I was at the park last Sunday afternoon with family. A cute little girl on the playground was standing behind a window playing the cashier. She was collecting “money” from other kids and giving them something in return. The ground was made up of wood chips, which was the money. Children would grab one wood chip, take it to the cashier, and she would take the wood chip and slide it as if it was a credit card. She would then give them a handful of wood chips in return. This little girl understood that if you have a card and you simply swipe the card, you will get something greater in return. She is not growing up with a “cash register” with coins and bills, but growing up in a world of card readers and credit.
We have all formed beliefs about credit from a young age. Some children have been told, “never get a credit card and if you do, I’ll cut it up.” While at the same time, they have been told to eventually get a credit card because it would be good for them. Which leads us to the question, is having a credit card good or bad for you?
We are not going to suggest that having a credit card is good or bad for you. If you simply can’t handle one, it's best you don’t have one. However, there are some positive benefits if you use it responsibly. Having been in college over a month now, it’s almost certain that you have had unexpected expenses. Maybe you even had to use a credit card to cover those expenses.
We want to provide you with a few suggestions when it comes to managing your credit card.

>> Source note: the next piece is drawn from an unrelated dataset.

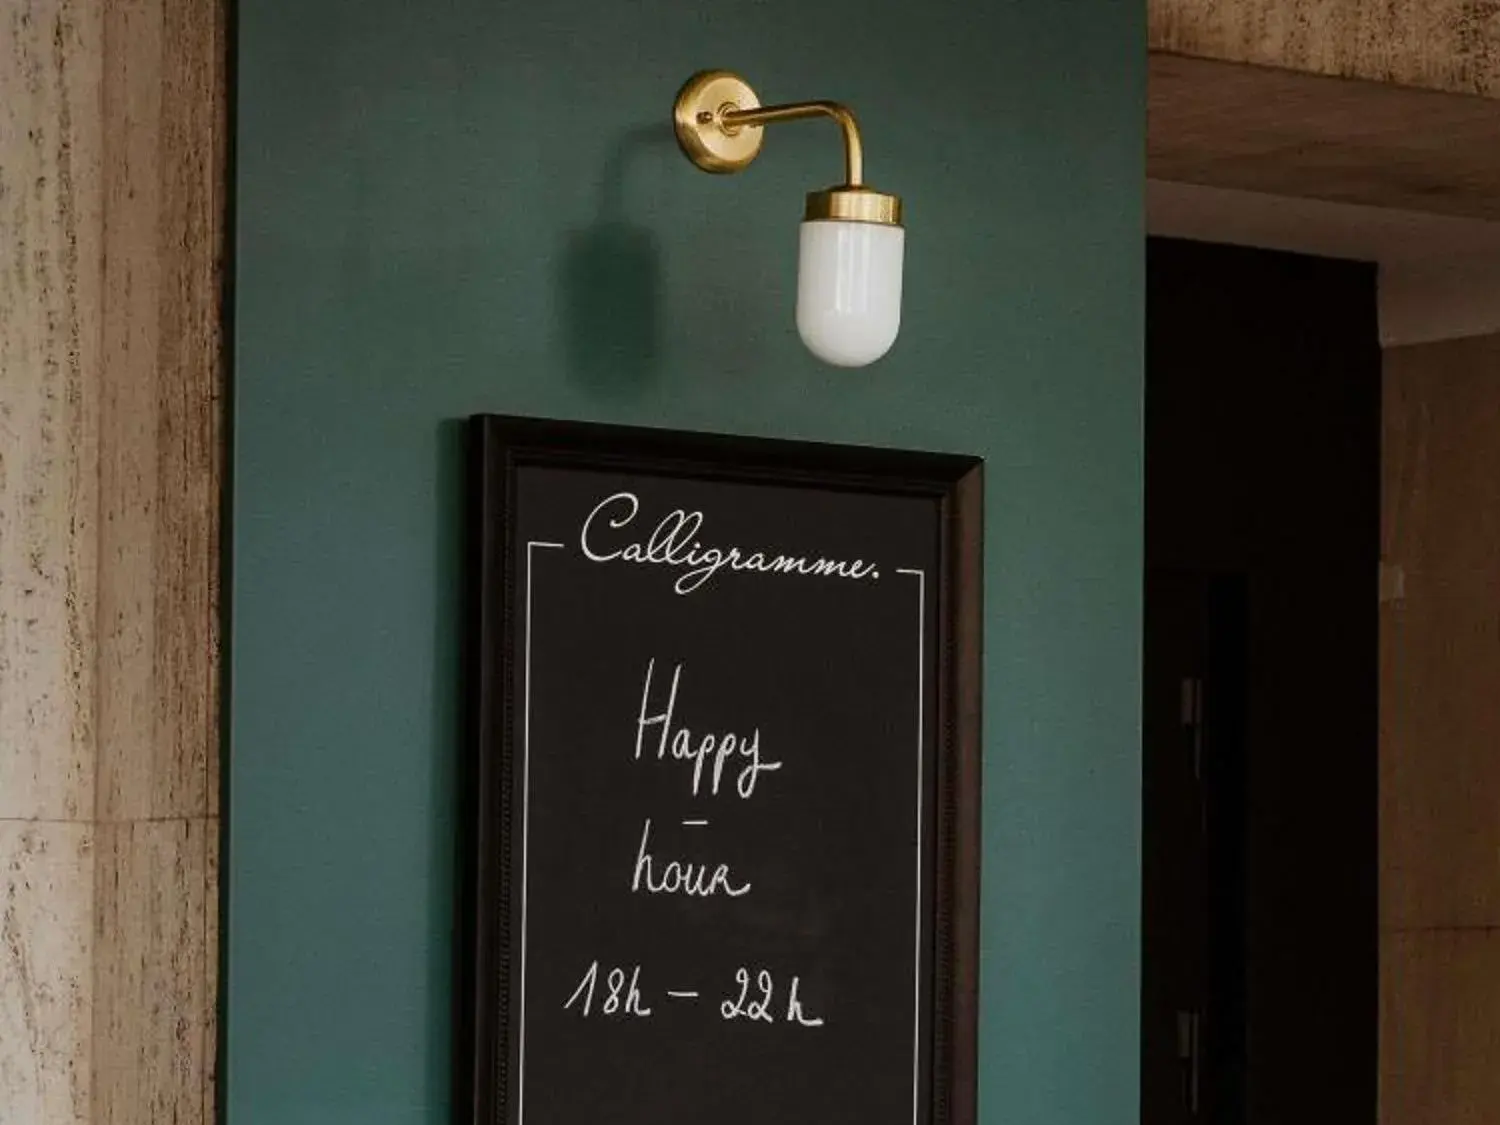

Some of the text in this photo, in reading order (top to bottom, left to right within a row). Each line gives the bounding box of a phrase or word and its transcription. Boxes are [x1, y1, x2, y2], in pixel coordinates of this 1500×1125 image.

[581, 492, 879, 594] Calligramme.
[635, 658, 782, 798] Happy
[632, 819, 751, 896] hour
[564, 960, 651, 1016] 18h

Don’t Buy It If You Can’t Afford It
As mentioned from the story of the cute little girl, we are conditioned to think that all we have to do is swipe the card and we will be fine (the companies are at fault). For many college students, the mentality is it’s a lot easier to spend money that is not yours and tell yourself that you will pay it back. In a study done this year by CreditCards.com mentioned while 55 percent of college students in 2015 believed they were responsible enough to have a credit card in their own name, 52 percent believed credit cards encourage overspending. While 59 percent of college students never or rarely charge a purchase unless they already have the money to pay the bill, 25 percent said they sometimes charge purchases when they don’t have the money to pay for them and 15 percent said they frequently do. Don’t buy it if you can’t afford it because it can lead to more complications.

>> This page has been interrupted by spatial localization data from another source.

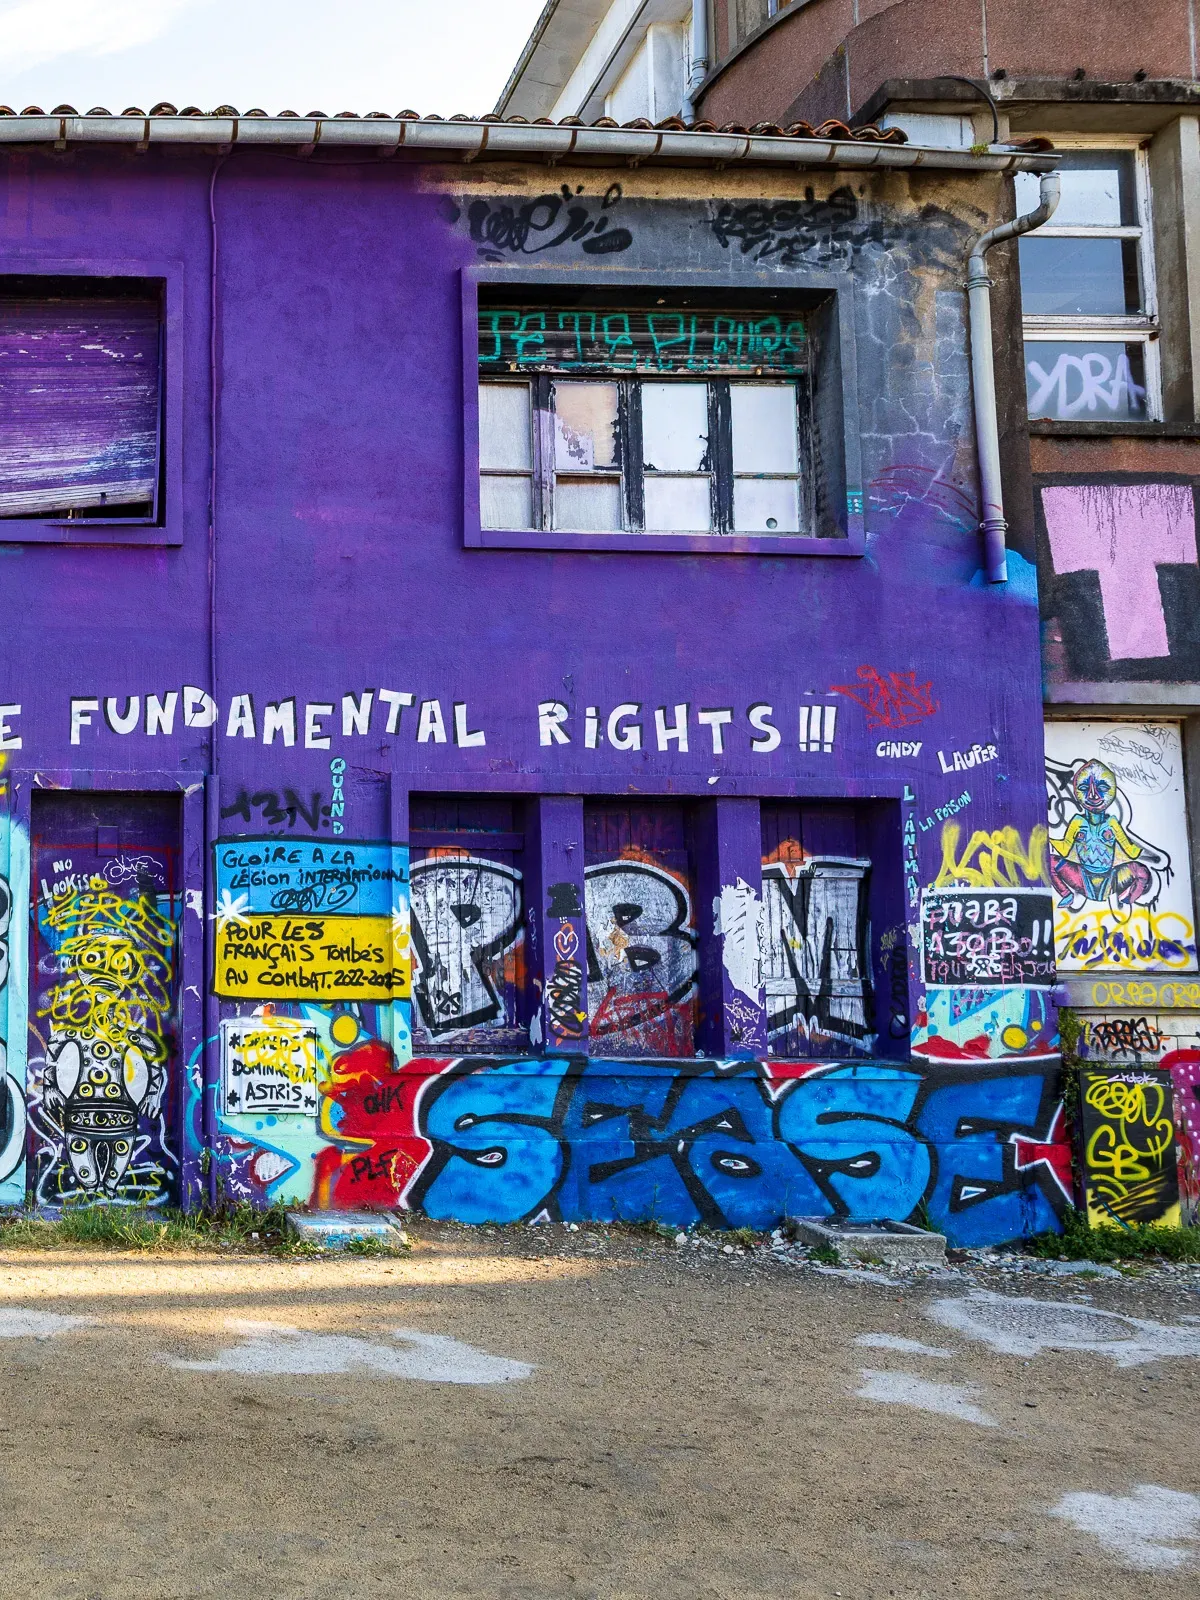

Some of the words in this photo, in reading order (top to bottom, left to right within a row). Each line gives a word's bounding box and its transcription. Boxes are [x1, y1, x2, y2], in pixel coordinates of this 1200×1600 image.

[68, 684, 486, 750] FUNDAMENTAL
[937, 742, 999, 774] LAUPER
[330, 757, 347, 835] QUAND
[919, 816, 936, 832] LA
[53, 859, 73, 873] NO
[312, 848, 325, 863] A
[331, 850, 356, 866] LA
[226, 922, 276, 941] POUR
[282, 921, 325, 941] LES
[225, 968, 249, 986] AU

Pay Off the Full Balance On Time
Not only is it important to not carry a balance, it is more important that you make the payment on time. Eighty percent of students with credit cards in their own name in 2015 were responsible for the bill. But not all college students used credit cards responsibly. Only 66 percent in 2015 reported paying their credit card bills in full each month. Among the 34 percent that carried a balance, the average balance was $466. Twenty-seven percent in 2015 had been charged a late payment fee. Of those, 54 percent had been charged late fees more than once
Use The Best Credit Card
As you can see if you are 23 and carry a balance of $1,109 on a credit card with an APR of 24.99% you are going to be paying $277.14 a year in interest (that’s a small vacation). Having a bad credit card or more than one credit card with a balance can add even more trouble. Despite tougher credit requirements, some college students still have multiple cards. In 2014, 12.1 percent of college students had two cards, 5.3 percent had three cards, 2.6 percent had four cards, 1.4 percent had five cards and 3.2 percent had six or more.
As you get closer to holiday spending, we invite you to keep in mind these three tips: Don’t buy stuff you can’t afford, pay off the full balance on time, don’t carry a high balance. We’re confident that if you learn to use a credit card responsibly it will have a major positive impact on your financial future.